In 1998 Adler partnered with Jeff Fletcher - who had founded a discussion list for South African electronic musicians on the Hivemind Network, to create a small community of subscribers and a simple website. For a while, the PC Music newsletter would be distributed electronically each month, and then archived on the website. As the mailing list grew, Adler invited two of his computer science classmates in January 2001: Asher Lipson and Sam Hutchinson (now MIO'''s technical director)

The decision set in place an entirely new phase for PC Music, which then changed to Music Industry Online in 2005. This witnessed an influx of resources in the form of writers who updated the site with regular news and feature content, drawing audiences both South Africa and abroad.
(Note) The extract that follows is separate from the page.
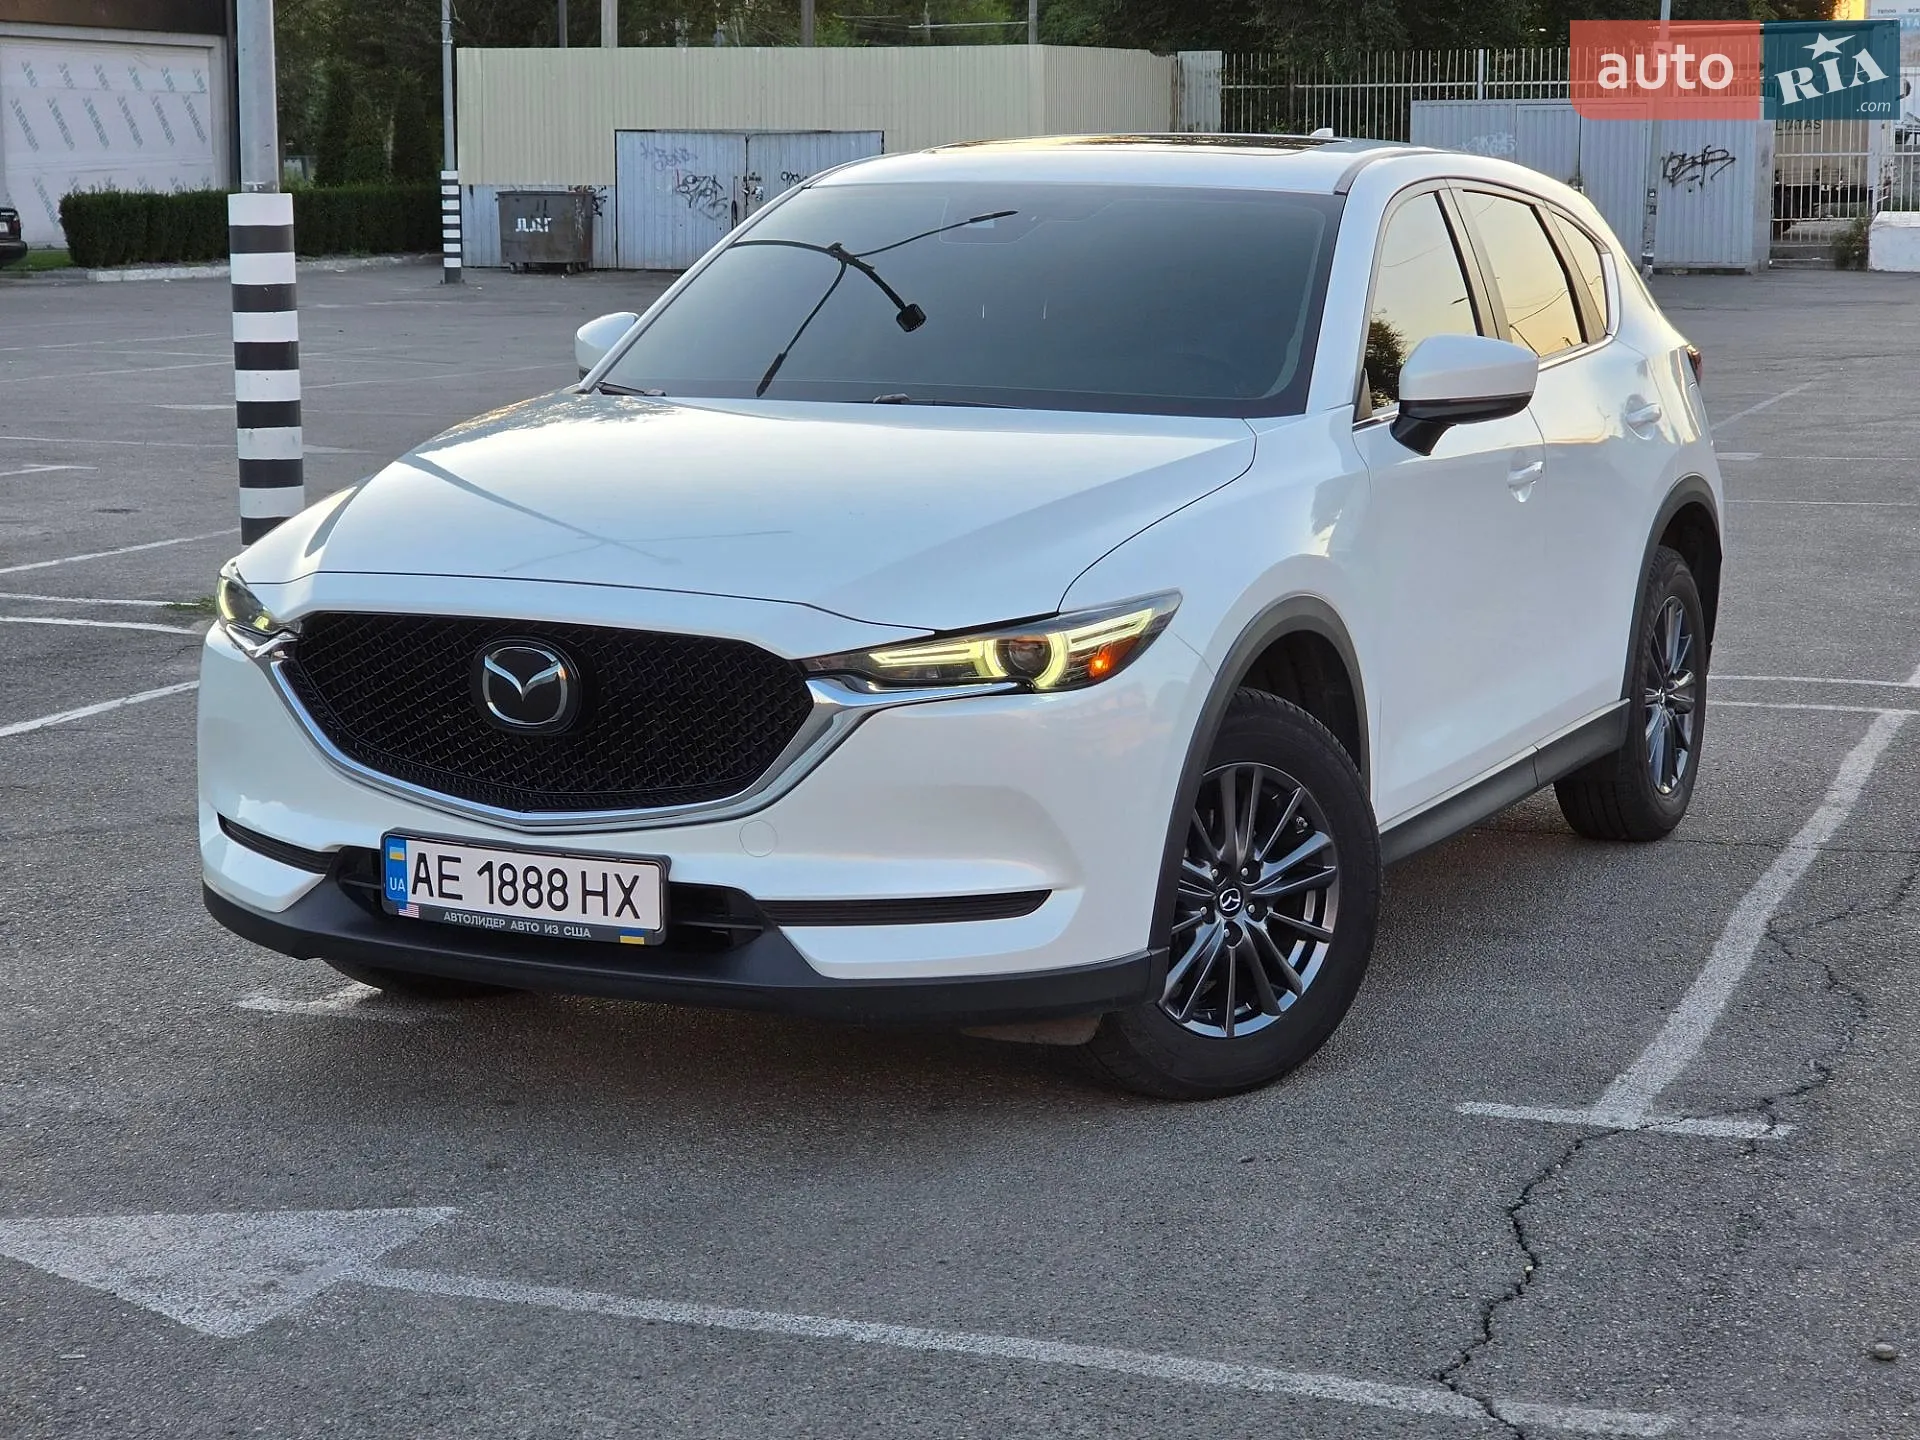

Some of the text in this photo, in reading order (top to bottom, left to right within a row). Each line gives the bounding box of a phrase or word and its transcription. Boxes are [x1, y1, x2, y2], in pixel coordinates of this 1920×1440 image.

[390, 876, 406, 892] UA
[411, 852, 641, 920] AE 1888 HX
[443, 911, 592, 938] АВТОЛИДЕР АВТО ИЗ США
Forums and discussion boards were introduced and moderators elected to keep a watchful eye on the use of offensive behavior.

The content also started undergoing subtle changes, from being information based purely on how to make electronic music, to incorporating other music genres and all sectors of the music industry, namely Djing, Artists, Music Business, Education, Events, Music Reviews and the Music Tech sections.
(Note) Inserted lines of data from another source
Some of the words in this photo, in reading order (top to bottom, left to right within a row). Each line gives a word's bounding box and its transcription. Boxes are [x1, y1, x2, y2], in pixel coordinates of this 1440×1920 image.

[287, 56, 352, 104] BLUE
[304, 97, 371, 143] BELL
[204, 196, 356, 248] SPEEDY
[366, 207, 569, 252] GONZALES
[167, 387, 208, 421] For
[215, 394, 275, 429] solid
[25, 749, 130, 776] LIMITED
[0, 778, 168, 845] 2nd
It 2005 two more journalists joined MIO on a full-time basis; Taryn Lee-Bigger and Phash Ratshilumela.

Richard Rumney joined MIO as editor in chief in 2007. In 2007 Adler and Hutchinson decided to focus on MIO’s mother company, Prefix Technologies,Preditor Publisher CMS v1.6 released with Extra Tools and Ratings Module which they co-own and left MIO in the hands of Rumney and Ratshilumela. The same year, MIO was registered under a new umbrella term: MIO Media. Adler and Hutchinson are still active partners.

From October 2008 to early 2011, MIO and the Southern African Music Rights Organisation (SAMRO) ran a section called SA Music Good News, which only focuses at writing about positive developments in the South African Music Industry.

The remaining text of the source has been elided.